Prediagnostic plasma C-peptide and pancreatic cancer risk in men and women.
ABSTRACT Hyperinsulinemia and insulin resistance have been proposed as underlying mechanisms for the increase in pancreatic cancer among long-standing diabetics and obese individuals. An association between serum insulin levels and pancreatic cancer risk was reported in a recent study, but the population was composed of heavy smokers and their findings may not be generalizable to nonsmokers.
Pancreatic cancer cases and matched controls were obtained from four large-scale prospective cohorts to examine the association between prediagnostic plasma levels of C-peptide and insulin and pancreatic cancer. One hundred ninety-seven pancreatic cancer cases were diagnosed during a maximum of 20 years of follow-up, after excluding cases diagnosed within 2 years of blood collection or with baseline diabetes. We estimated OR and confidence intervals (CI) using conditional logistic regression with adjustment for pancreatic cancer risk factors.

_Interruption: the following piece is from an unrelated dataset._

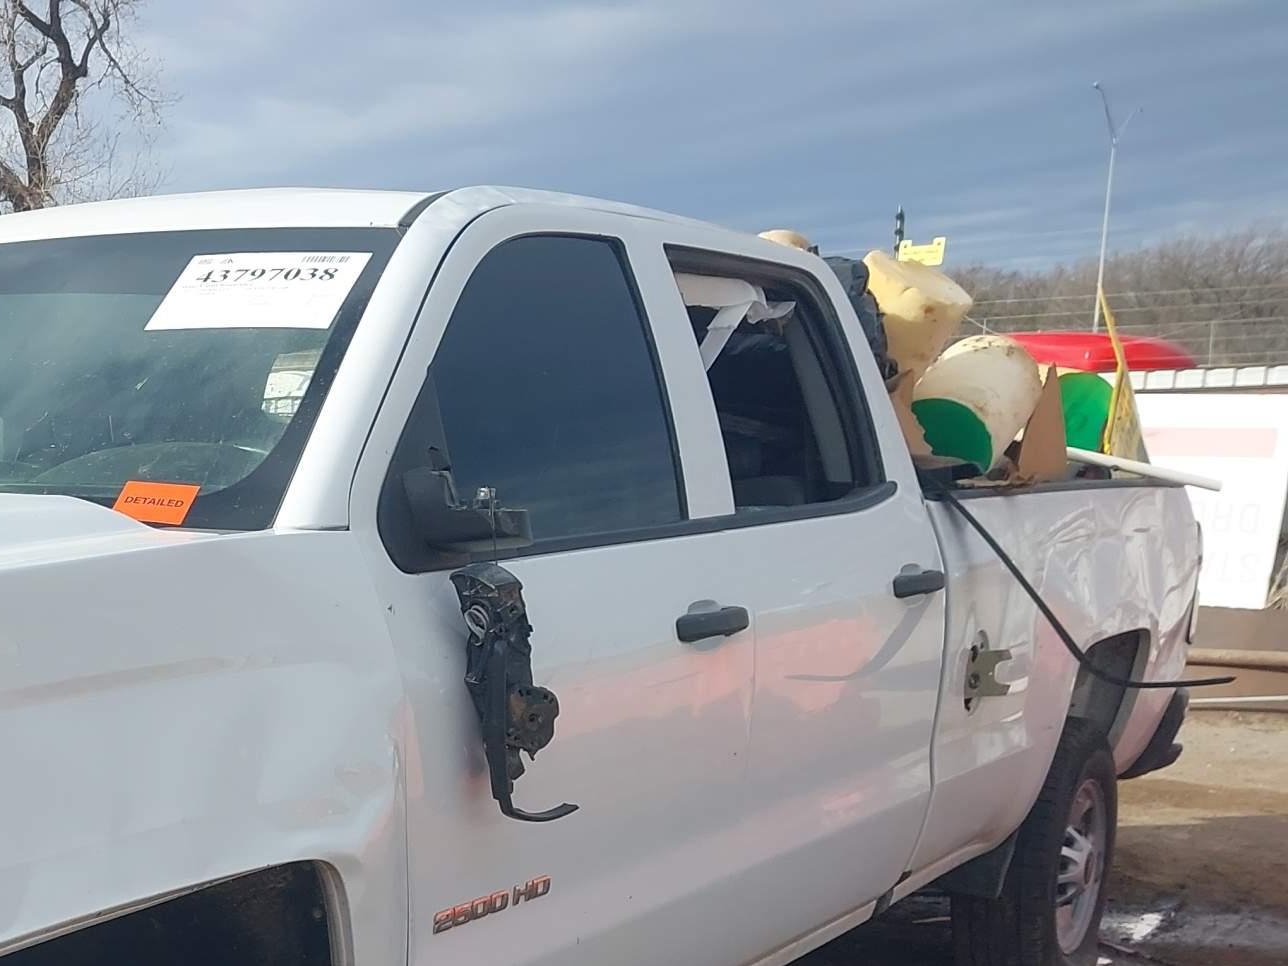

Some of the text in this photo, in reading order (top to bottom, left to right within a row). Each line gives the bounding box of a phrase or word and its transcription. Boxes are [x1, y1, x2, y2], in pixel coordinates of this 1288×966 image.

Prediagnostic plasma C-peptide was positively associated with pancreatic cancer risk (OR, 1.52; 95% CI, 0.87-2.64, highest compared with the lowest quartile, P(trend) = 0.005). The association was not modified by body mass index or physical activity but seemed to be slightly stronger among never smokers than ever smokers. Fasting C-peptide and insulin were not related to pancreatic cancer; however, we observed a strong linear association for nonfasting C-peptide and pancreatic cancer (OR, 4.24; 95% CI, 1.30-13.8, highest versus lowest quartile, P(trend) < 0.001).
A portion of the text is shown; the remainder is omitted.